++++ DATA SUPPLIED ++++

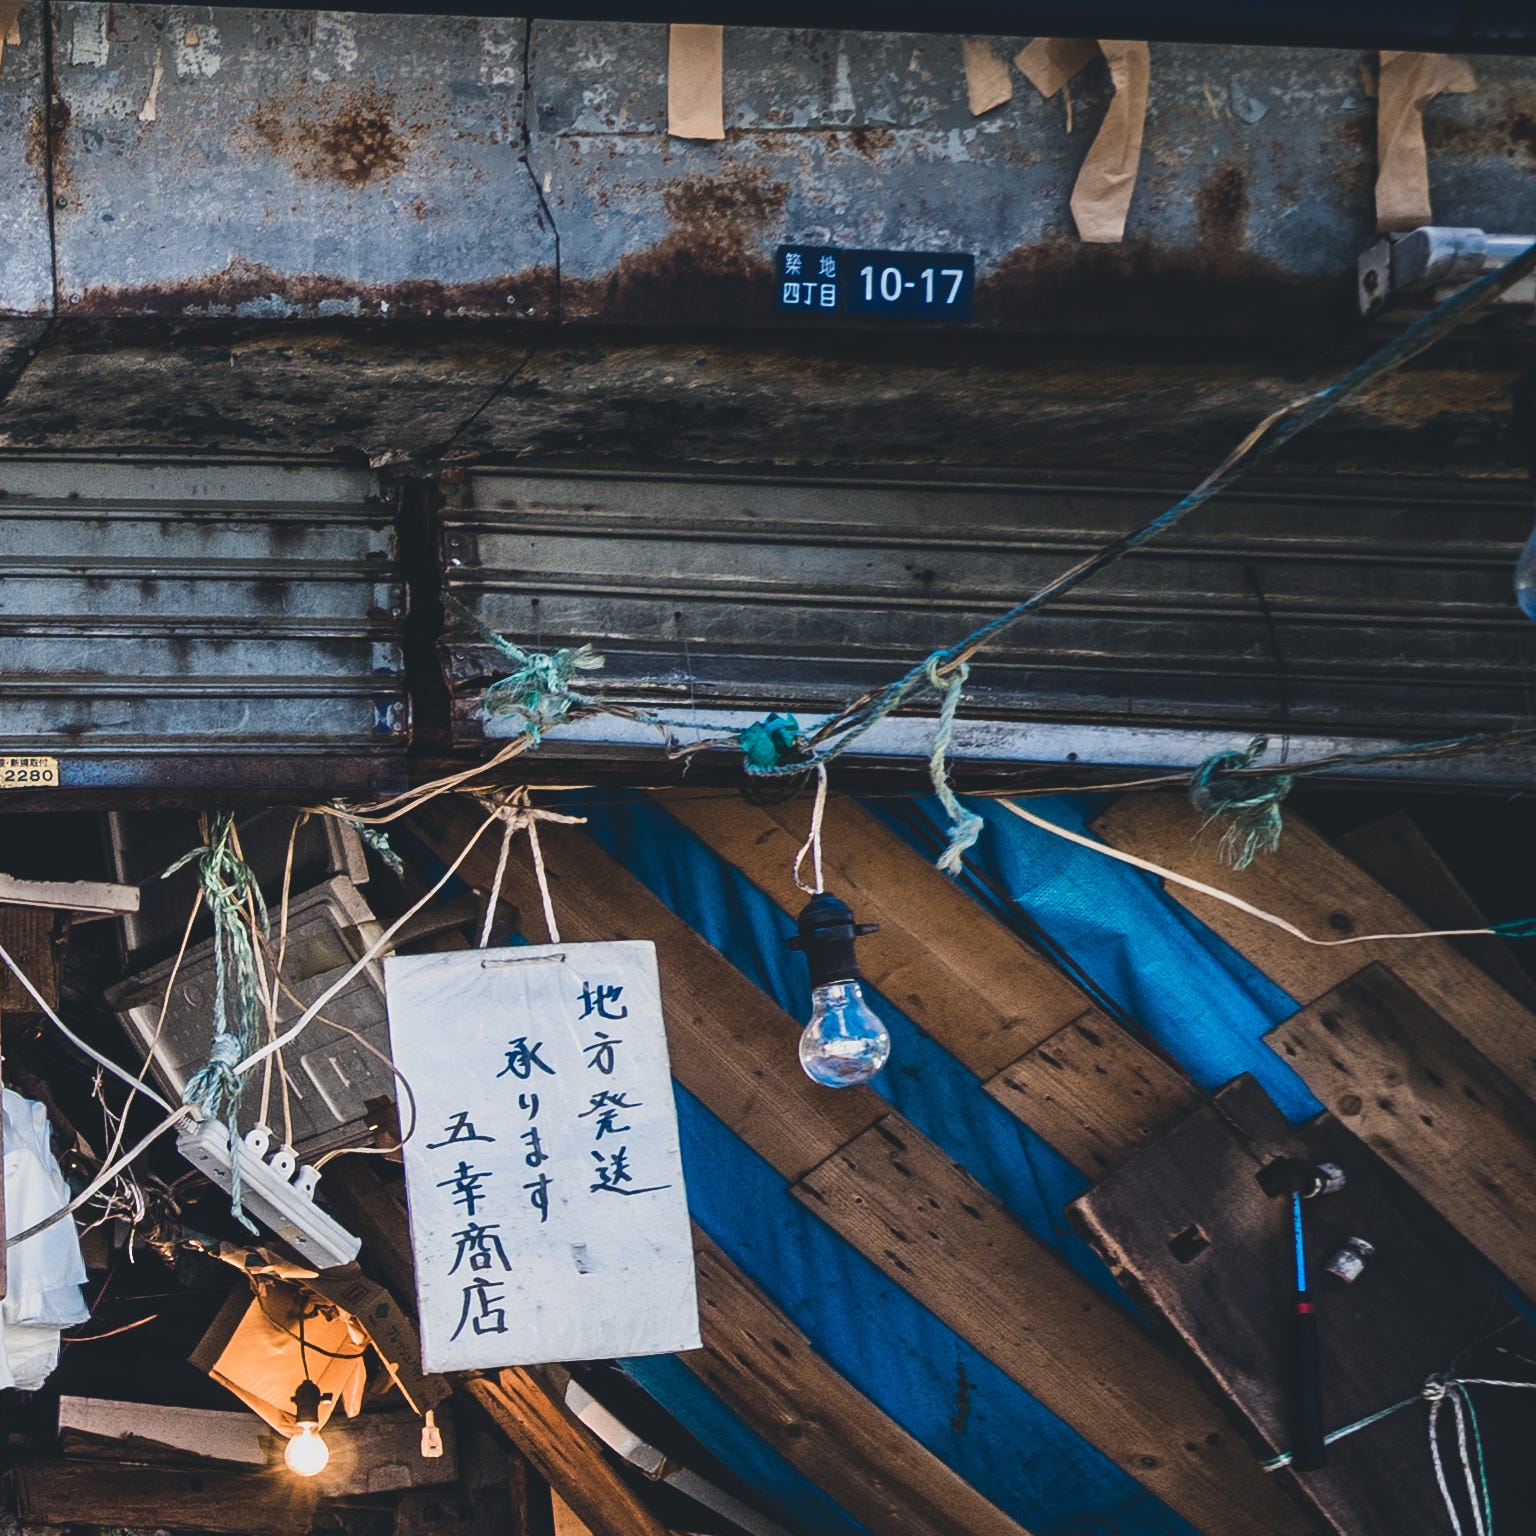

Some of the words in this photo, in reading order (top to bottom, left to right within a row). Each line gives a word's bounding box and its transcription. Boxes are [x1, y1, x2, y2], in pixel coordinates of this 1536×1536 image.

[783, 282, 837, 308] 四丁目
[785, 253, 837, 278] 築地
[859, 265, 964, 304] 10-17
[496, 1036, 556, 1223] 承ります
[576, 981, 672, 1196] 地方発送
[426, 1110, 513, 1342] 五幸商店
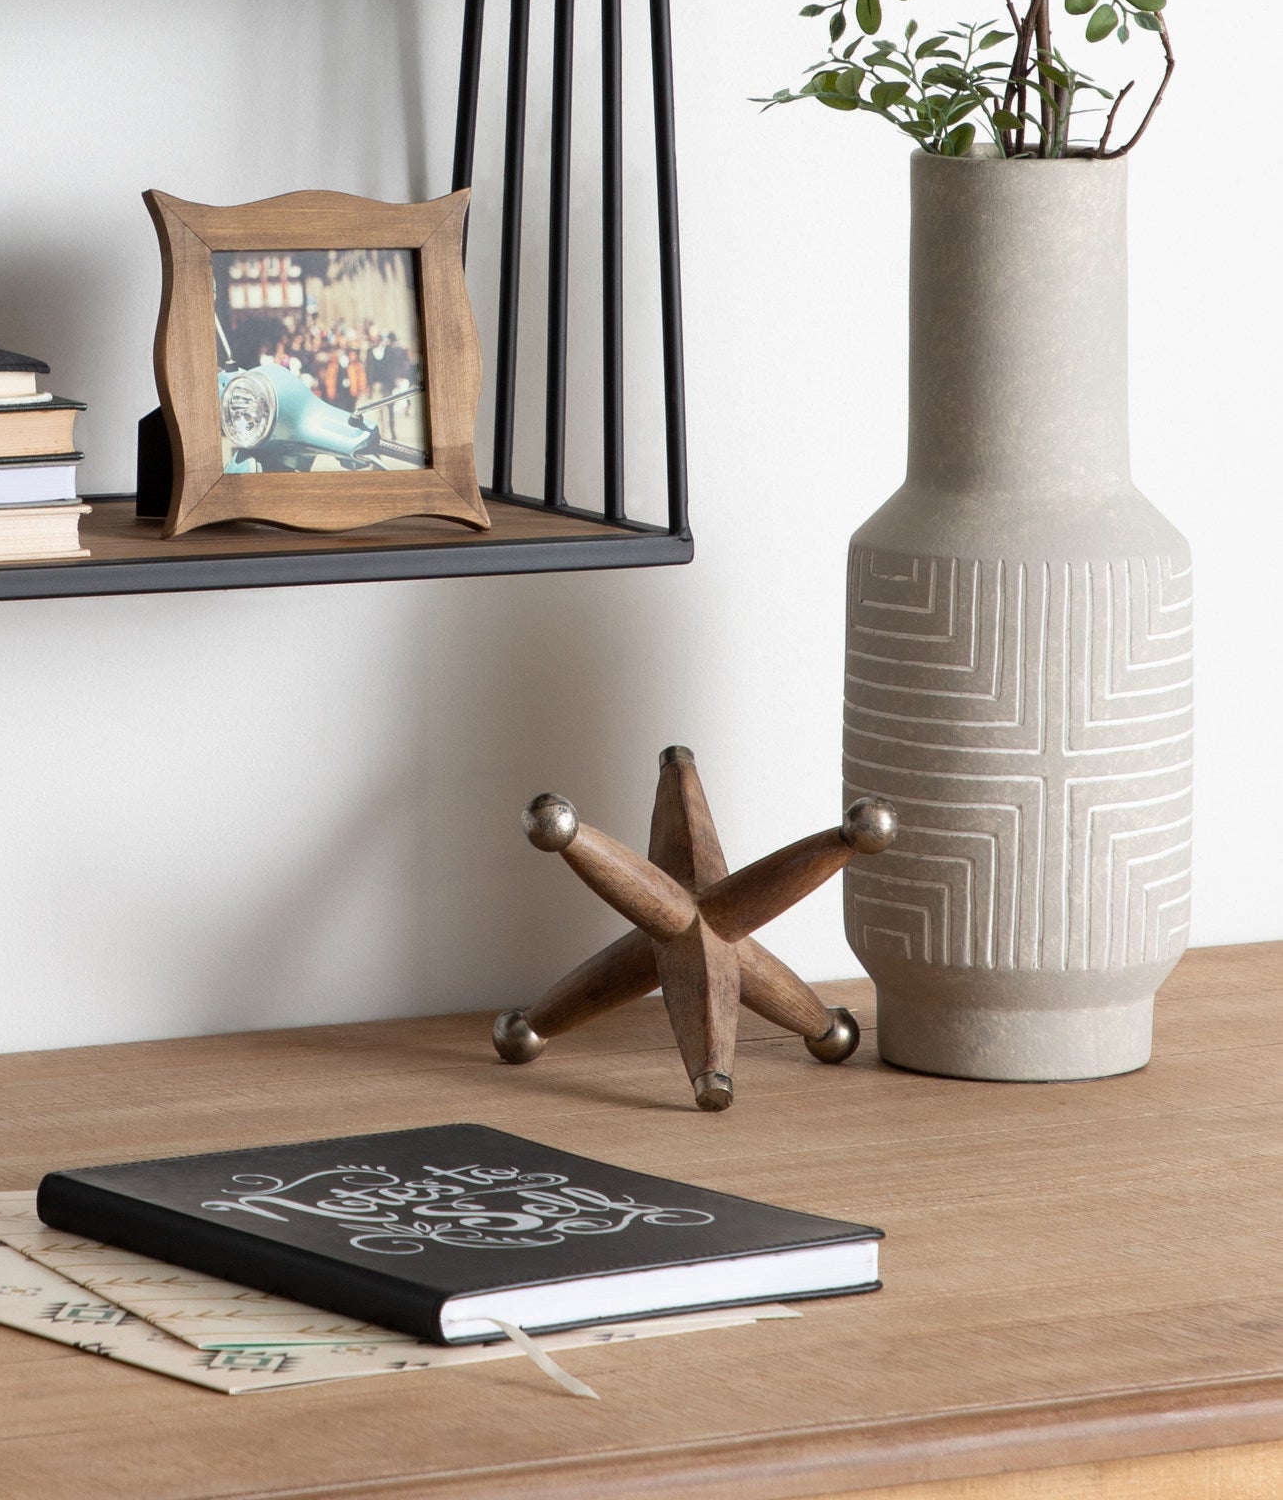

++++

*GOAL OF THE EXERCISE*:
From the first line to the last, retype the data exactly, without images.

*EXERCISE RESPONSE*:
Some of the words in this photo, in reading order (top to bottom, left to right within a row). Each line gives a word's bounding box and its transcription. Boxes are [x1, y1, x2, y2], in pixel coordinates of this 1536×1536 image.

[783, 282, 837, 308] 四丁目
[785, 253, 837, 278] 築地
[859, 265, 964, 304] 10-17
[496, 1036, 556, 1223] 承ります
[576, 981, 672, 1196] 地方発送
[426, 1110, 513, 1342] 五幸商店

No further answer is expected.